(Phrase grounding data)
_ _ _ _ _

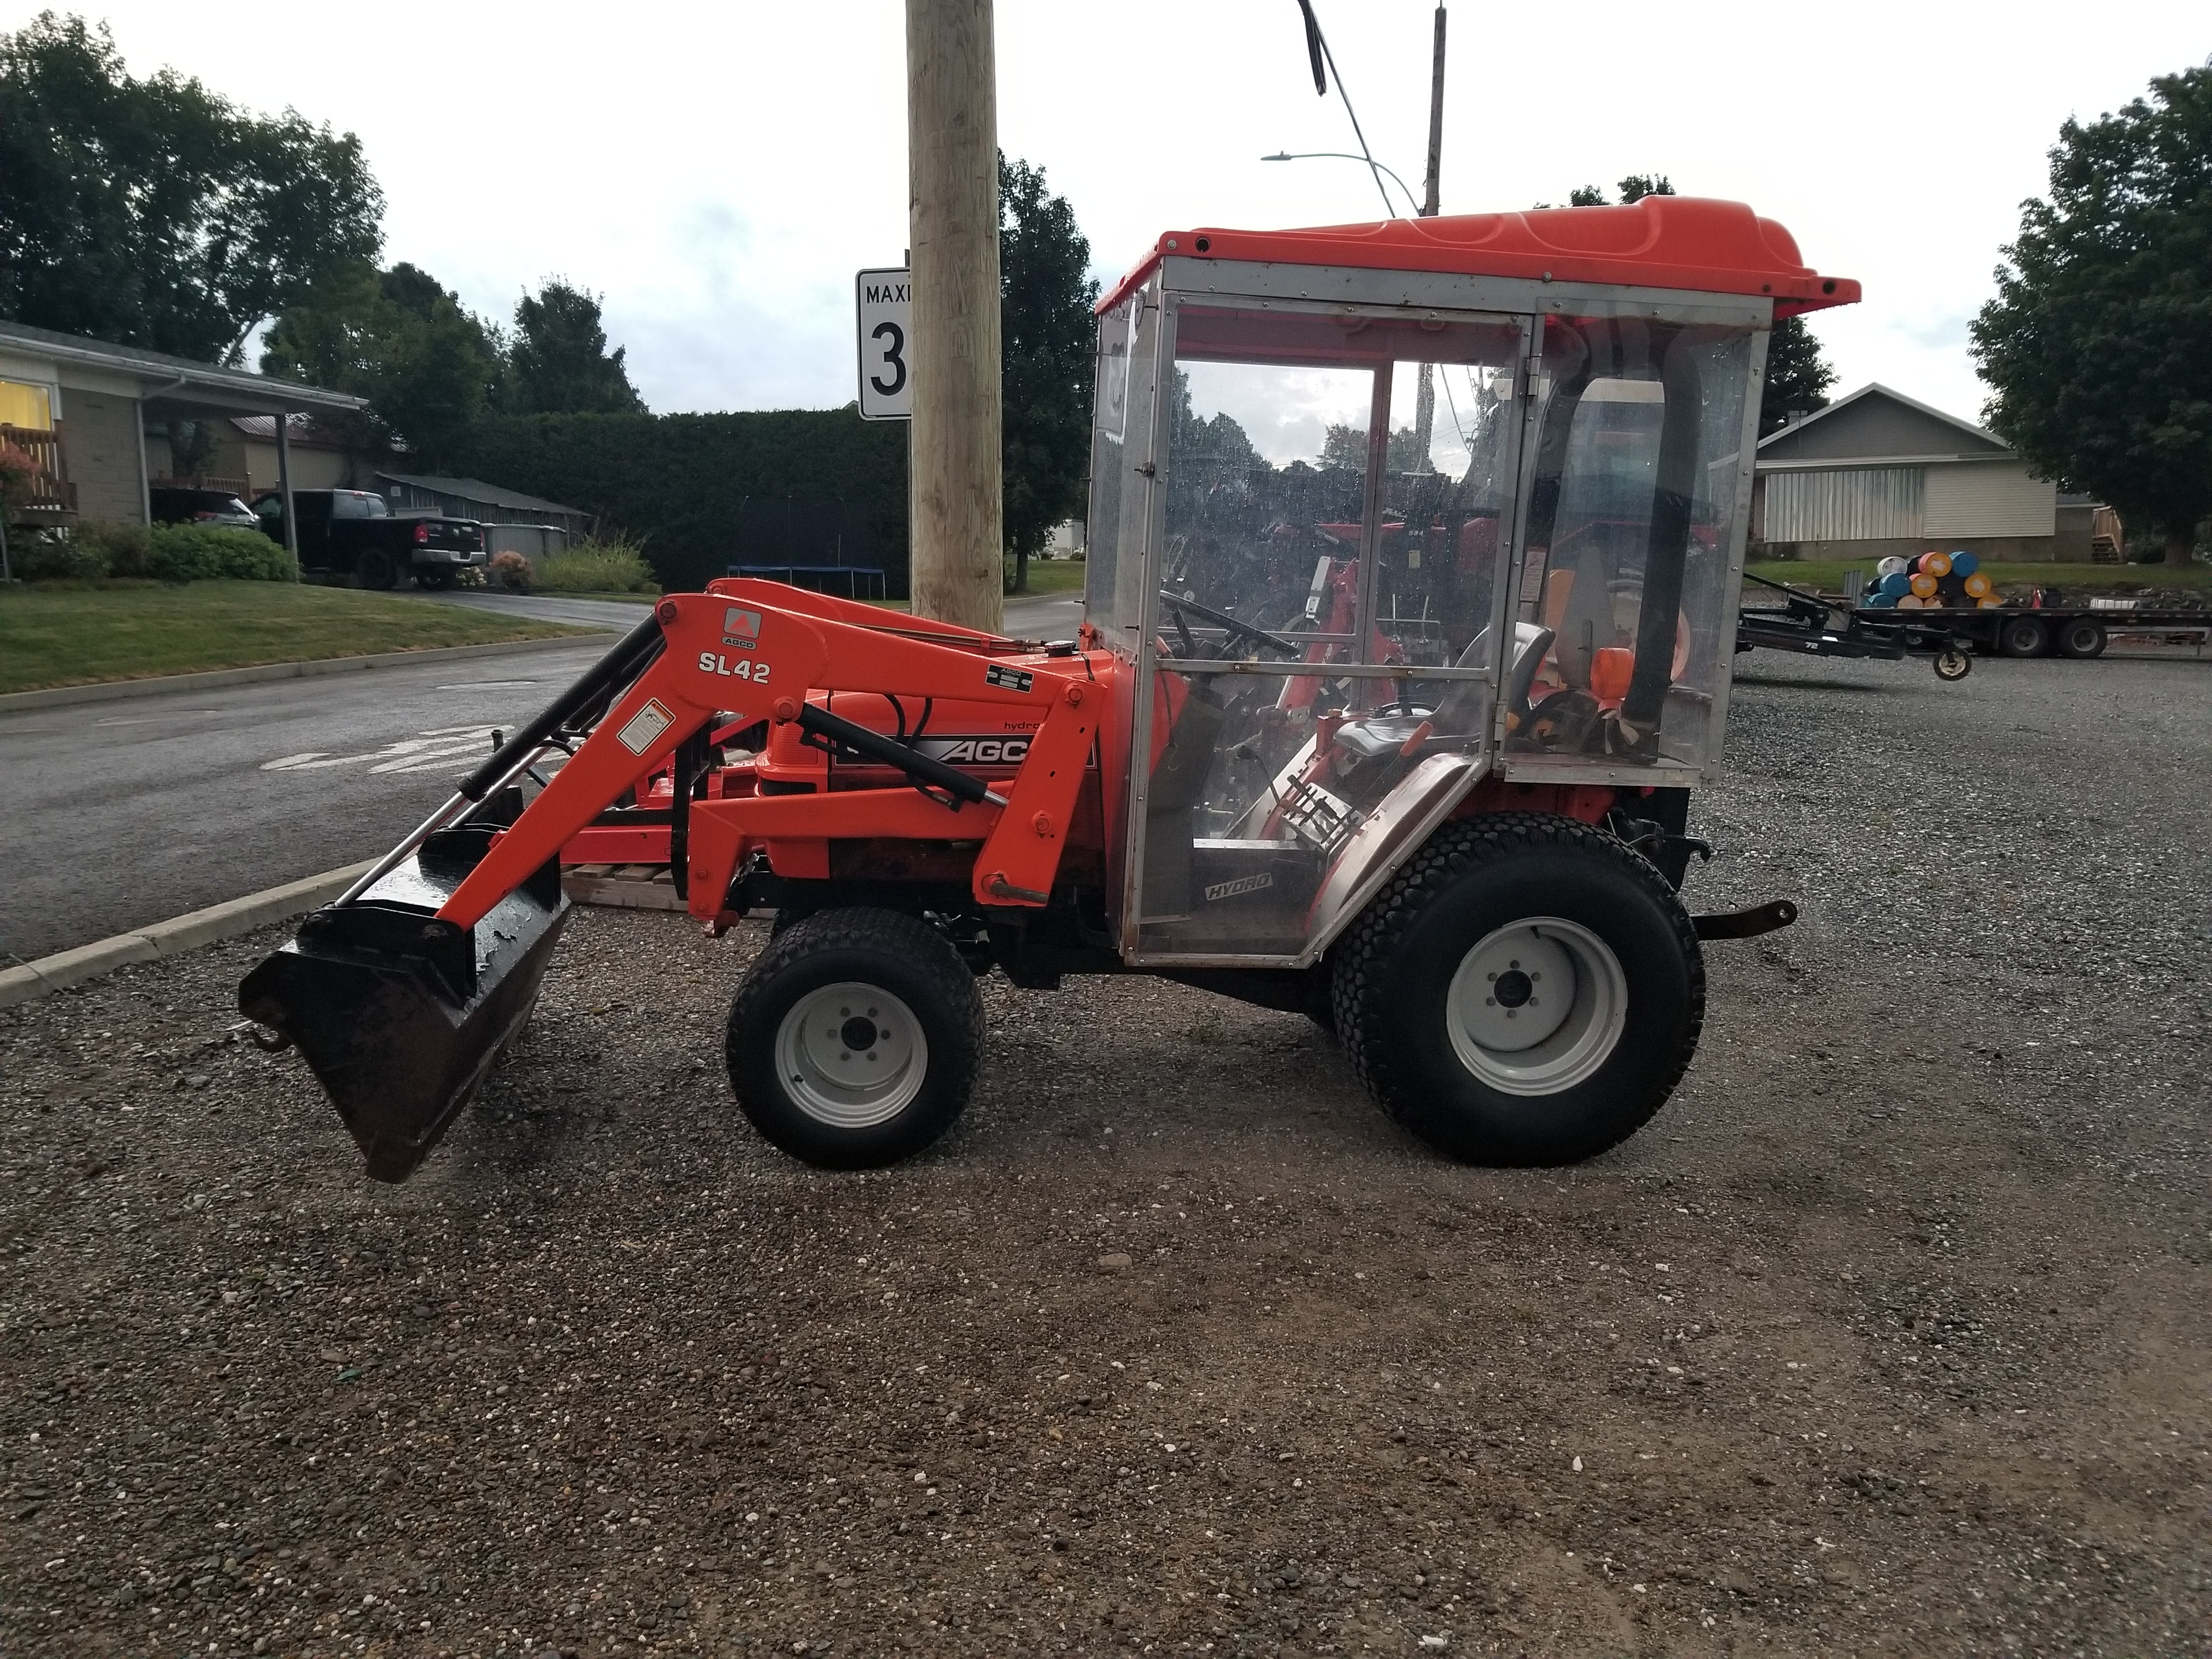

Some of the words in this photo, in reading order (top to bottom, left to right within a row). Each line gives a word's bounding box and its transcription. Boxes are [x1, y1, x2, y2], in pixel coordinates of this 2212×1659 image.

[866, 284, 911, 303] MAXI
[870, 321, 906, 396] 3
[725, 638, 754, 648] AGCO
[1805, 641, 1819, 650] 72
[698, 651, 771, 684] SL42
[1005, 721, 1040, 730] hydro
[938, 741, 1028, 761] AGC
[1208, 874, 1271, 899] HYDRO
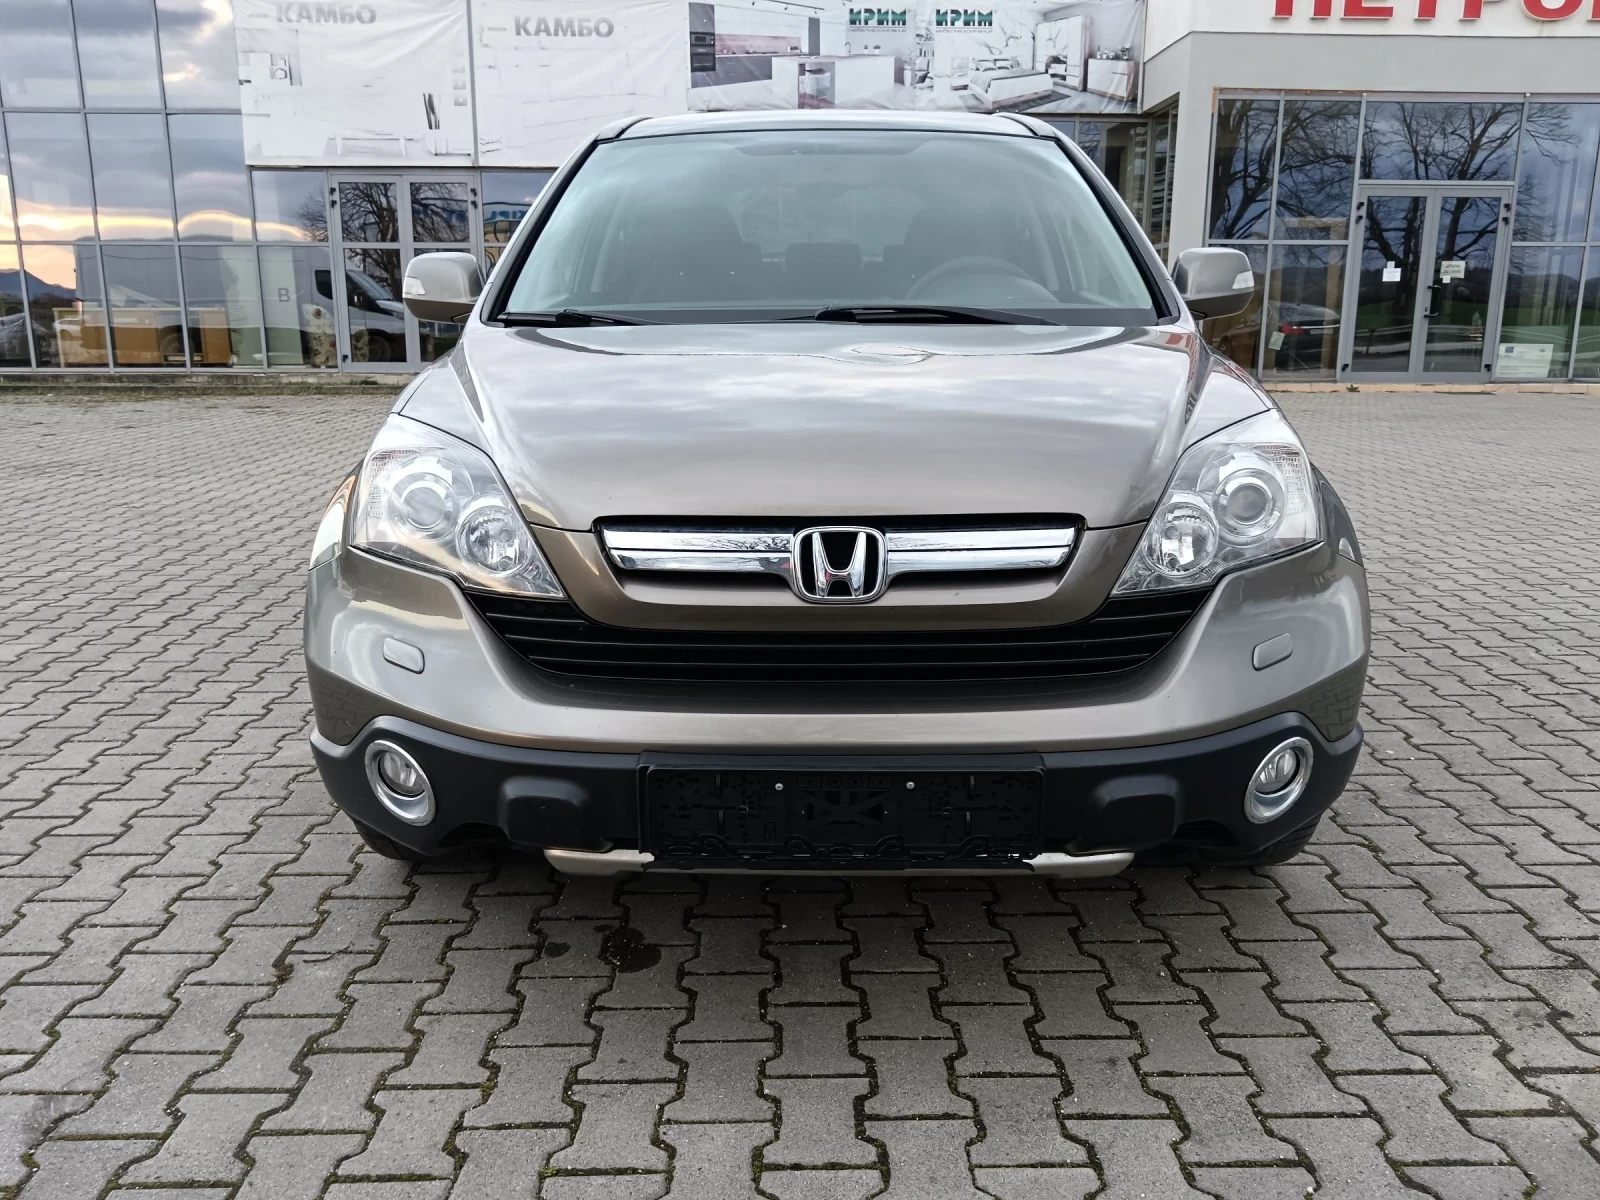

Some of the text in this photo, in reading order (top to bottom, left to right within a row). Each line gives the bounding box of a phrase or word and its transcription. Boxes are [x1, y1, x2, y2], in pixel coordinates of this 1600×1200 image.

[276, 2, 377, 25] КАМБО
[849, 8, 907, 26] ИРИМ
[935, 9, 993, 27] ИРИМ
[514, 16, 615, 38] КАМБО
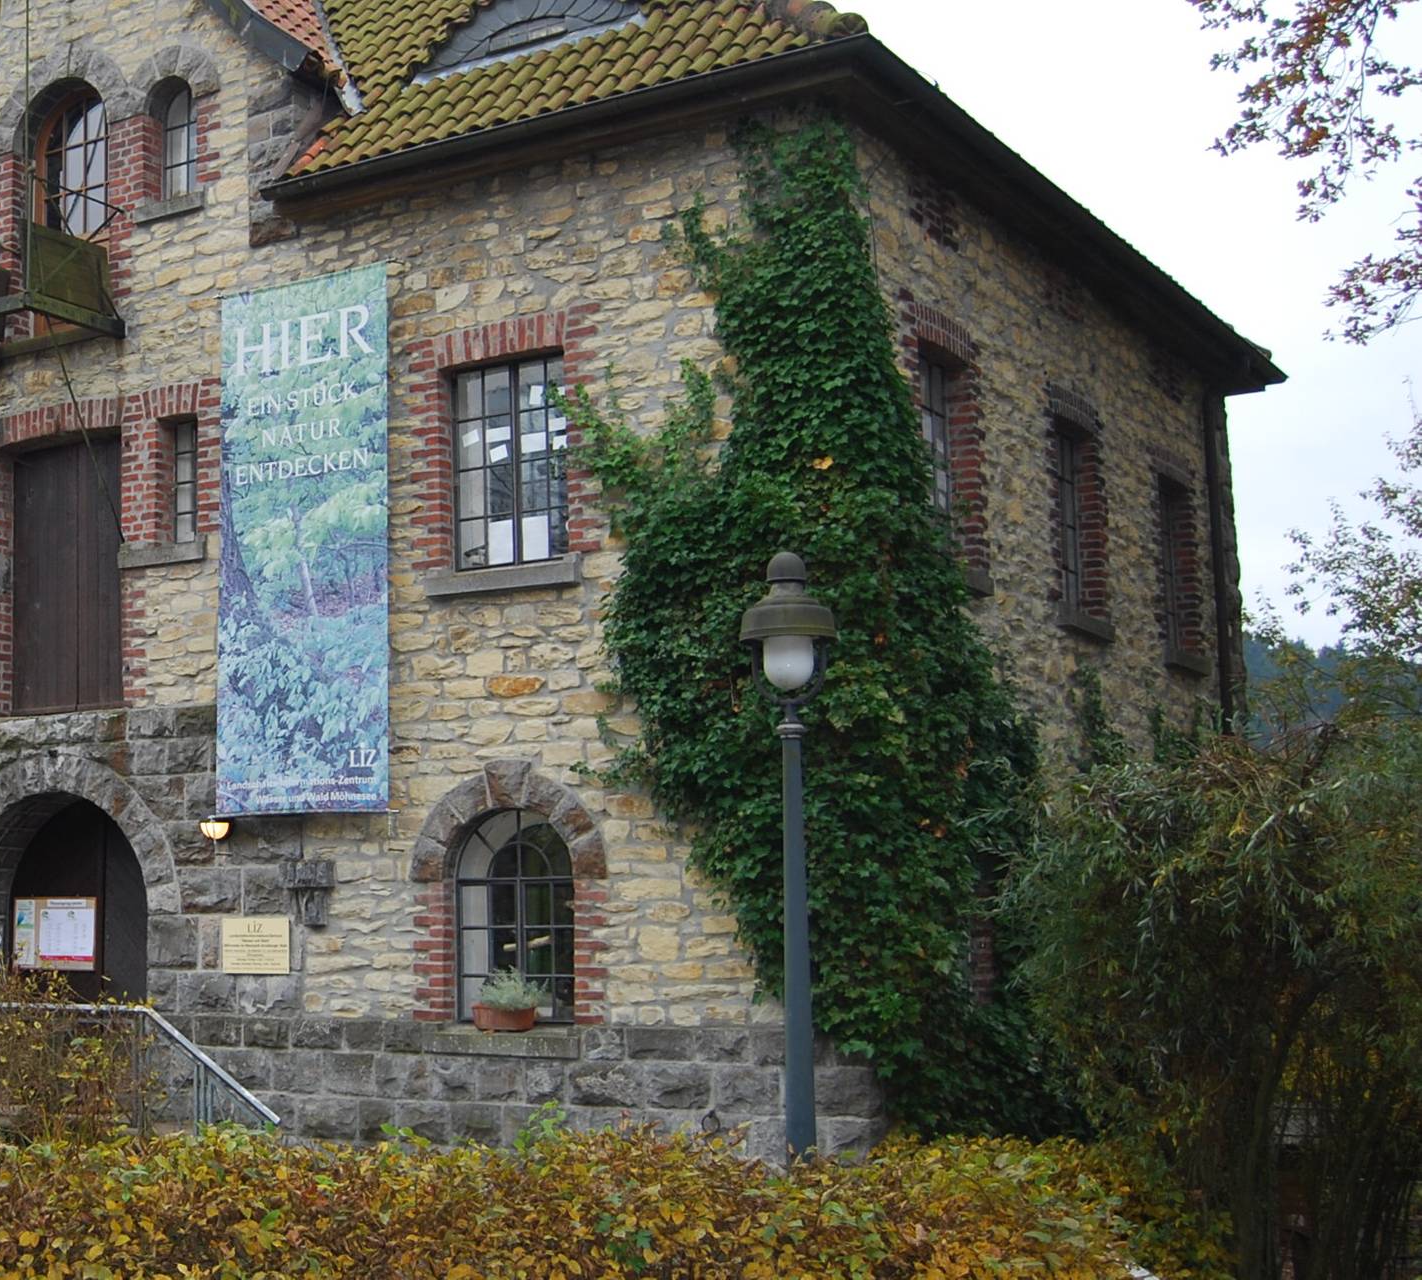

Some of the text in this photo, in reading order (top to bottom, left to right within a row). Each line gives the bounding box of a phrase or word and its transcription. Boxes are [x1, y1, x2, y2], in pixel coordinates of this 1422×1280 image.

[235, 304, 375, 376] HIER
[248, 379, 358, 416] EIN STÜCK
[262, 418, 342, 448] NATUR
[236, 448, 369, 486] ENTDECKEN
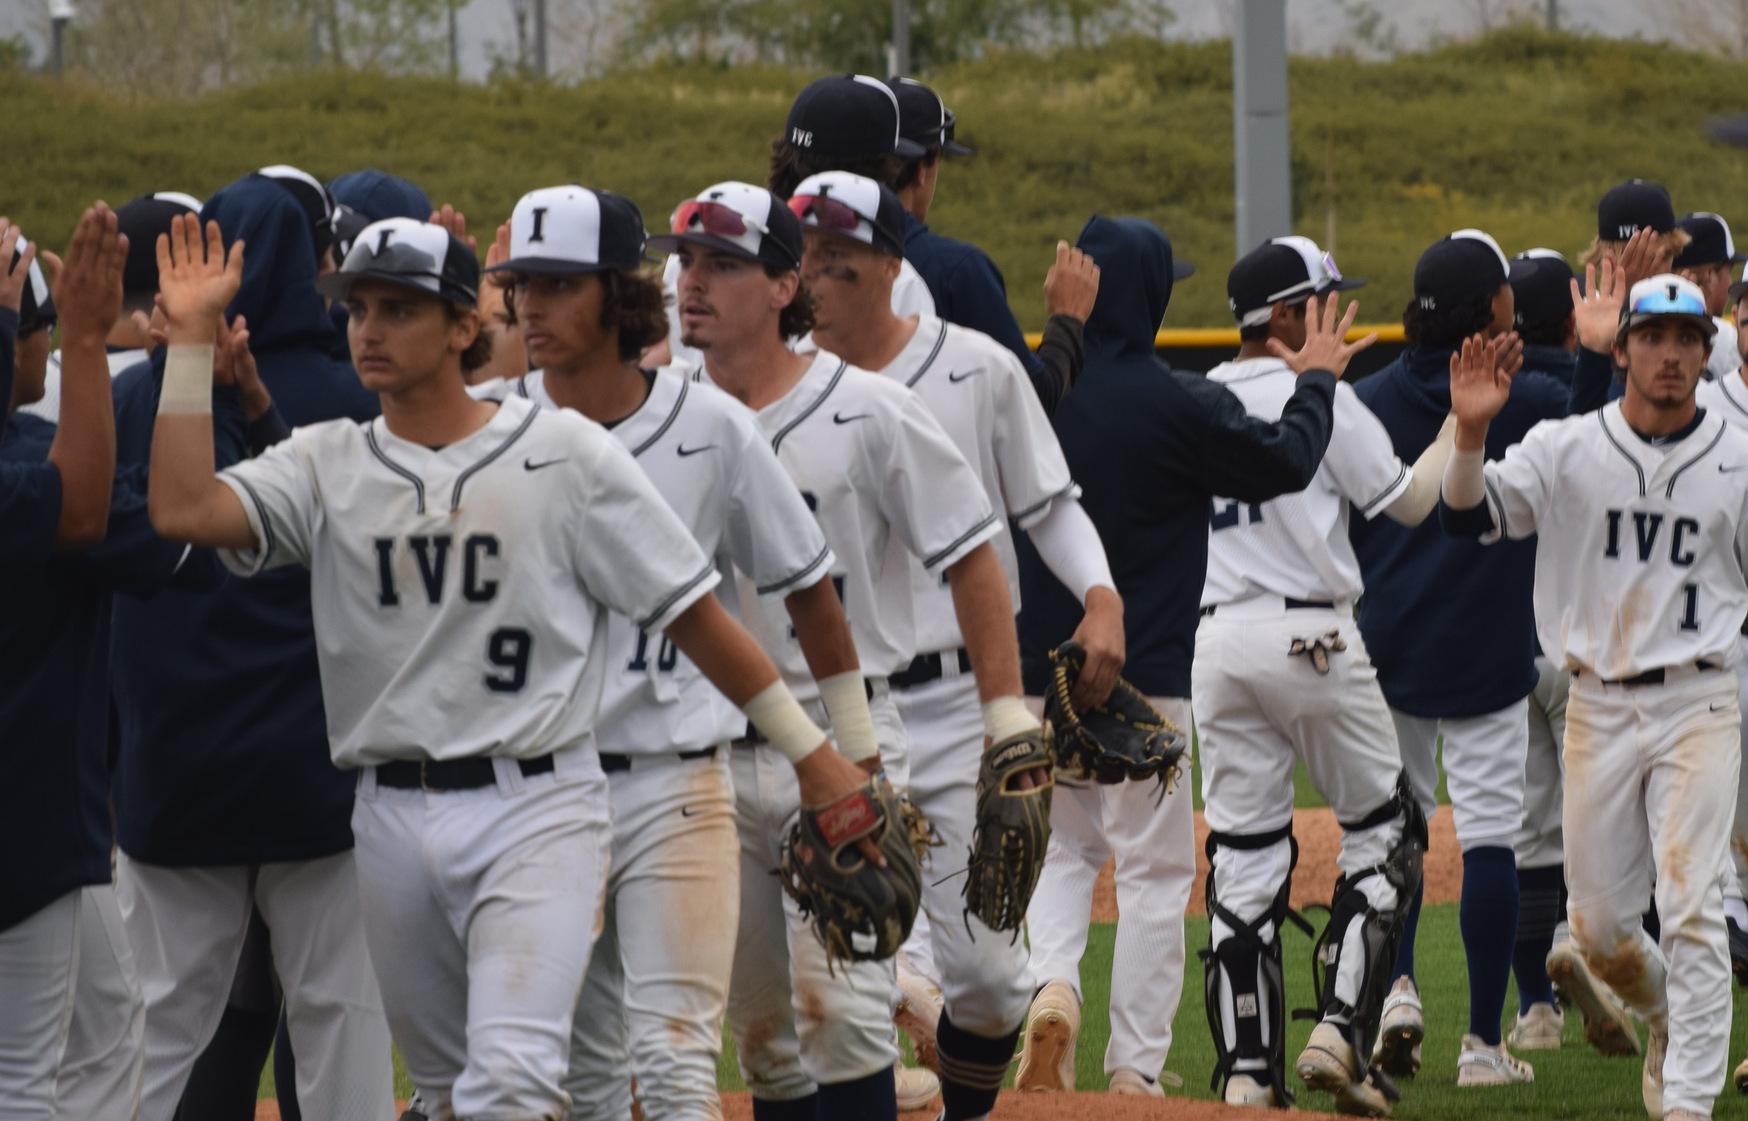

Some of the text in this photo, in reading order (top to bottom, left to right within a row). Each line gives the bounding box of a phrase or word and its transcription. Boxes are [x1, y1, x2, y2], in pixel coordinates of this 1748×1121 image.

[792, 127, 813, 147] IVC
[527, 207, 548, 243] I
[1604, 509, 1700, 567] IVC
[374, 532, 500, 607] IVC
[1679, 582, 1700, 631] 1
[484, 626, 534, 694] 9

_ _ _ _ _

• _Problem to work on_: Give every line of the records above again, exactly, and omit the pictures.

• _Finished task_:
Some of the words in this photo, in reading order (top to bottom, left to right within a row). Each line gives a word's bounding box and its transcription. Boxes are [x1, y1, x2, y2], in pixel coordinates of this 2212×1659 image.

[866, 284, 911, 303] MAXI
[870, 321, 906, 396] 3
[725, 638, 754, 648] AGCO
[1805, 641, 1819, 650] 72
[698, 651, 771, 684] SL42
[1005, 721, 1040, 730] hydro
[938, 741, 1028, 761] AGC
[1208, 874, 1271, 899] HYDRO

Some of the text in this photo, in reading order (top to bottom, left to right within a row). Each line gives the bounding box of a phrase or word and its transcription. Boxes are [x1, y1, x2, y2], in pixel coordinates of this 1600×1200 image.

[276, 2, 377, 25] КАМБО
[849, 8, 907, 26] ИРИМ
[935, 9, 993, 27] ИРИМ
[514, 16, 615, 38] КАМБО

Some of the text in this photo, in reading order (top to bottom, left to right within a row). Each line gives the bounding box of a phrase or word and its transcription. Boxes are [x1, y1, x2, y2], in pixel coordinates of this 1422×1280 image.

[235, 304, 375, 376] HIER
[248, 379, 358, 416] EIN STÜCK
[262, 418, 342, 448] NATUR
[236, 448, 369, 486] ENTDECKEN

Some of the text in this photo, in reading order (top to bottom, left to right within a row). Each line gives the bounding box of a phrase or word and its transcription. Boxes are [x1, y1, x2, y2], in pixel coordinates of this 1748×1121 image.

[792, 127, 813, 147] IVC
[527, 207, 548, 243] I
[1604, 509, 1700, 567] IVC
[374, 532, 500, 607] IVC
[1679, 582, 1700, 631] 1
[484, 626, 534, 694] 9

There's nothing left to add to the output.